(Your objective): Would you retype the listing below word for word, without any of its pictures?

━━━━━━━━━━

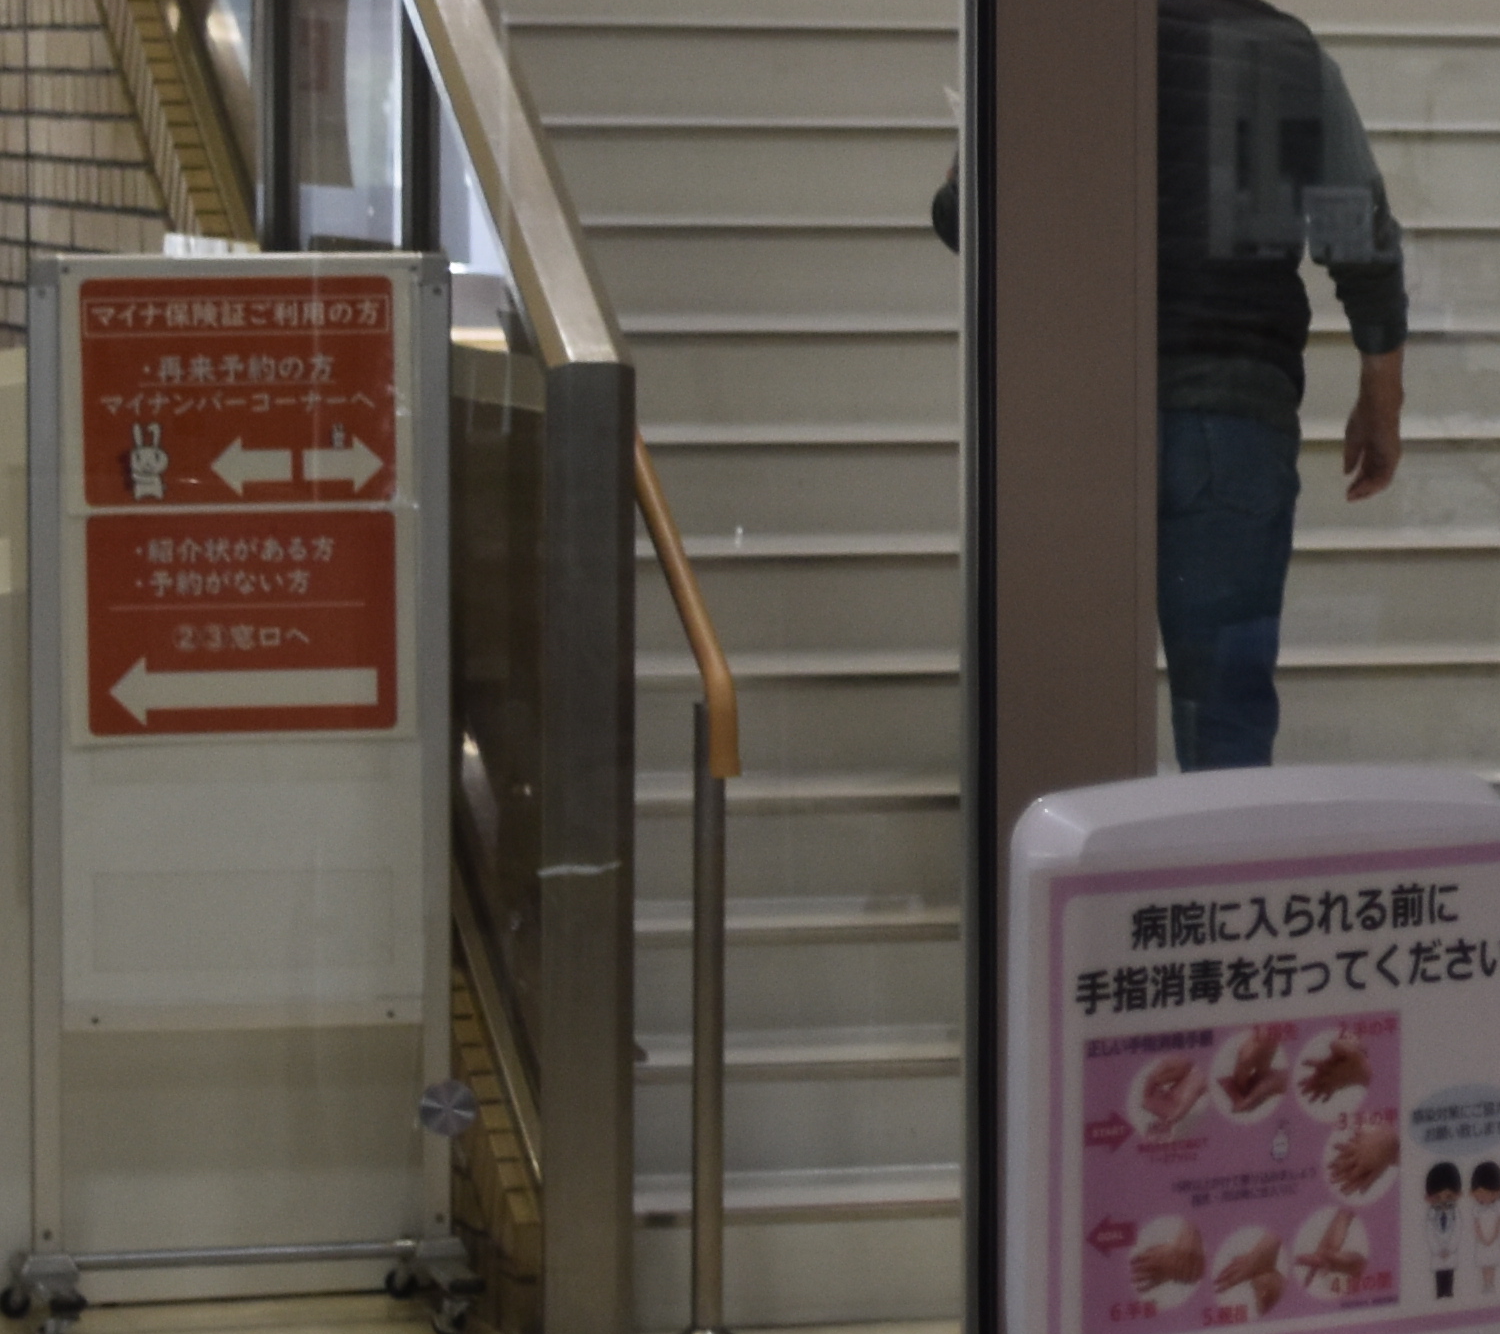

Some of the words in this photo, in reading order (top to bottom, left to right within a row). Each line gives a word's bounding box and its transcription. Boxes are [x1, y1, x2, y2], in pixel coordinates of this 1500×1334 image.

[91, 299, 382, 328] マイナ保険証ご利用の方
[101, 393, 376, 417] マイナンバーコーナーへ
[1131, 883, 1460, 951] 病院に入られる前に
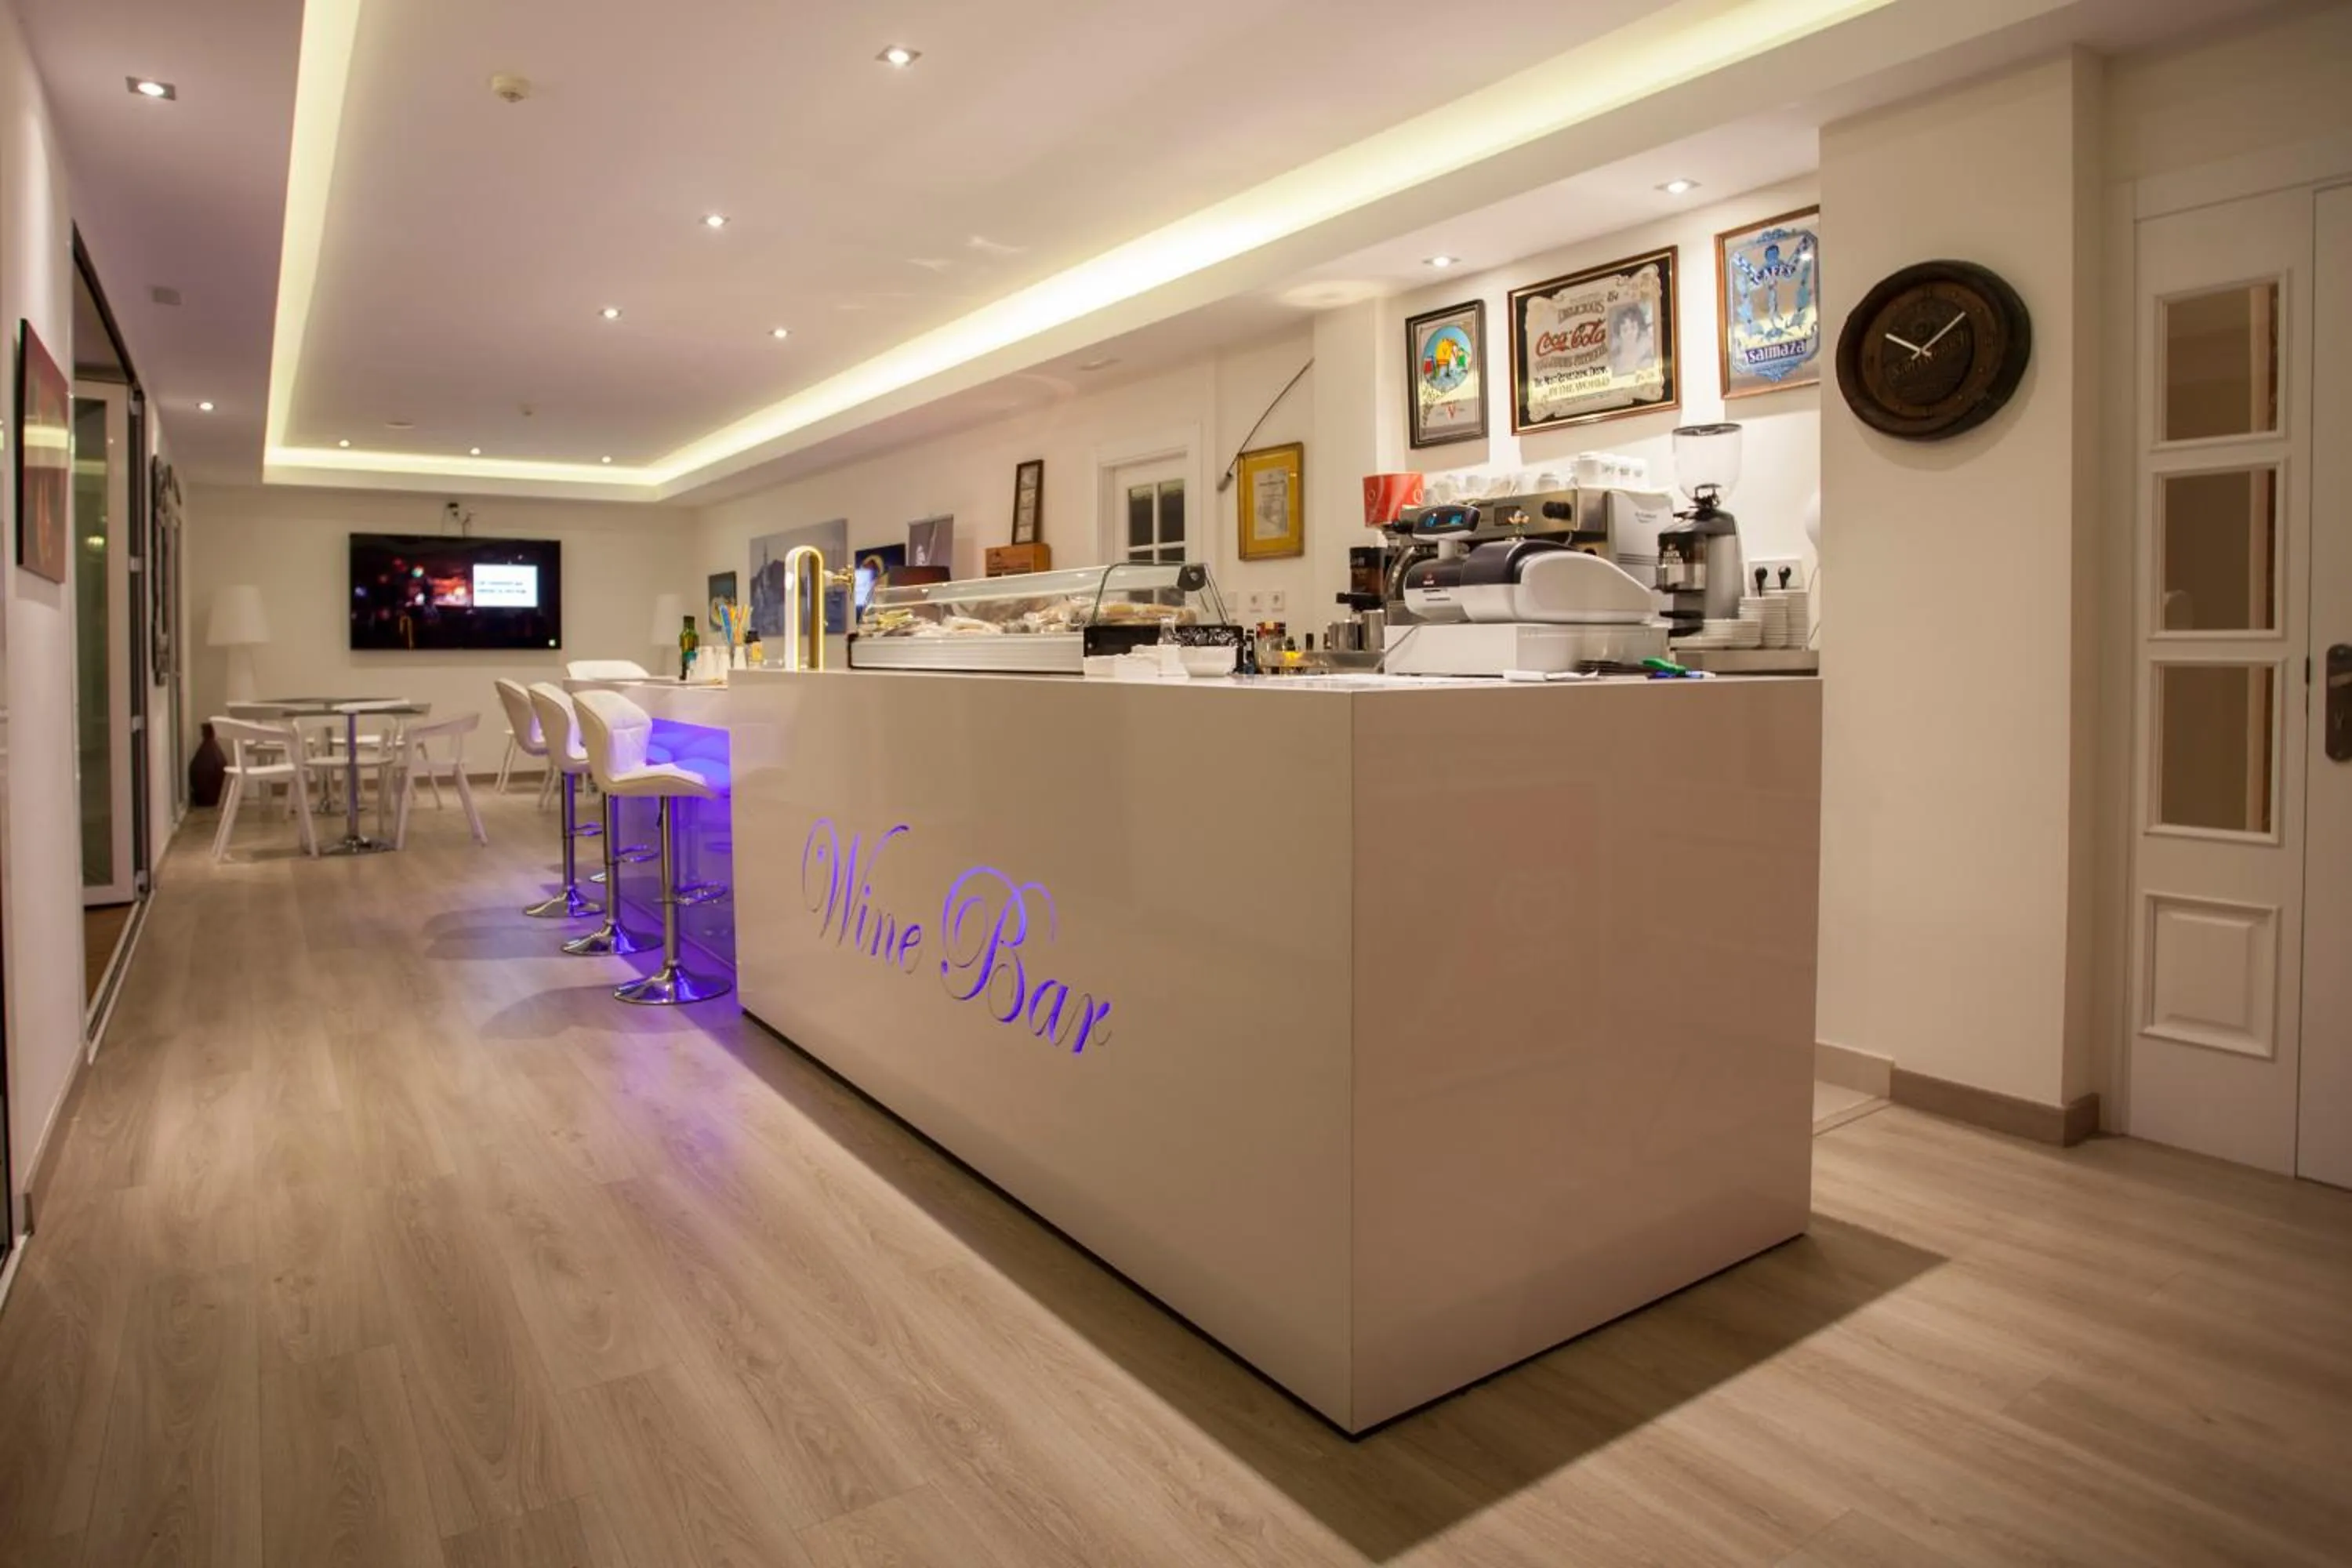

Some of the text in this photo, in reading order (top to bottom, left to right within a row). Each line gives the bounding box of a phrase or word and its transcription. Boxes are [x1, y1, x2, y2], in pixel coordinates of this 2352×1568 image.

[1536, 318, 1606, 357] Coca-Cola
[802, 816, 1112, 1054] Wine Bar

━━━━━━━━━━

(Output of the task):
Some of the words in this photo, in reading order (top to bottom, left to right within a row). Each line gives a word's bounding box and its transcription. Boxes are [x1, y1, x2, y2], in pixel coordinates of this 1500×1334 image.

[91, 299, 382, 328] マイナ保険証ご利用の方
[101, 393, 376, 417] マイナンバーコーナーへ
[1131, 883, 1460, 951] 病院に入られる前に

Some of the text in this photo, in reading order (top to bottom, left to right within a row). Each line gives the bounding box of a phrase or word and its transcription. Boxes are [x1, y1, x2, y2], in pixel coordinates of this 2352×1568 image.

[1536, 318, 1606, 357] Coca-Cola
[802, 816, 1112, 1054] Wine Bar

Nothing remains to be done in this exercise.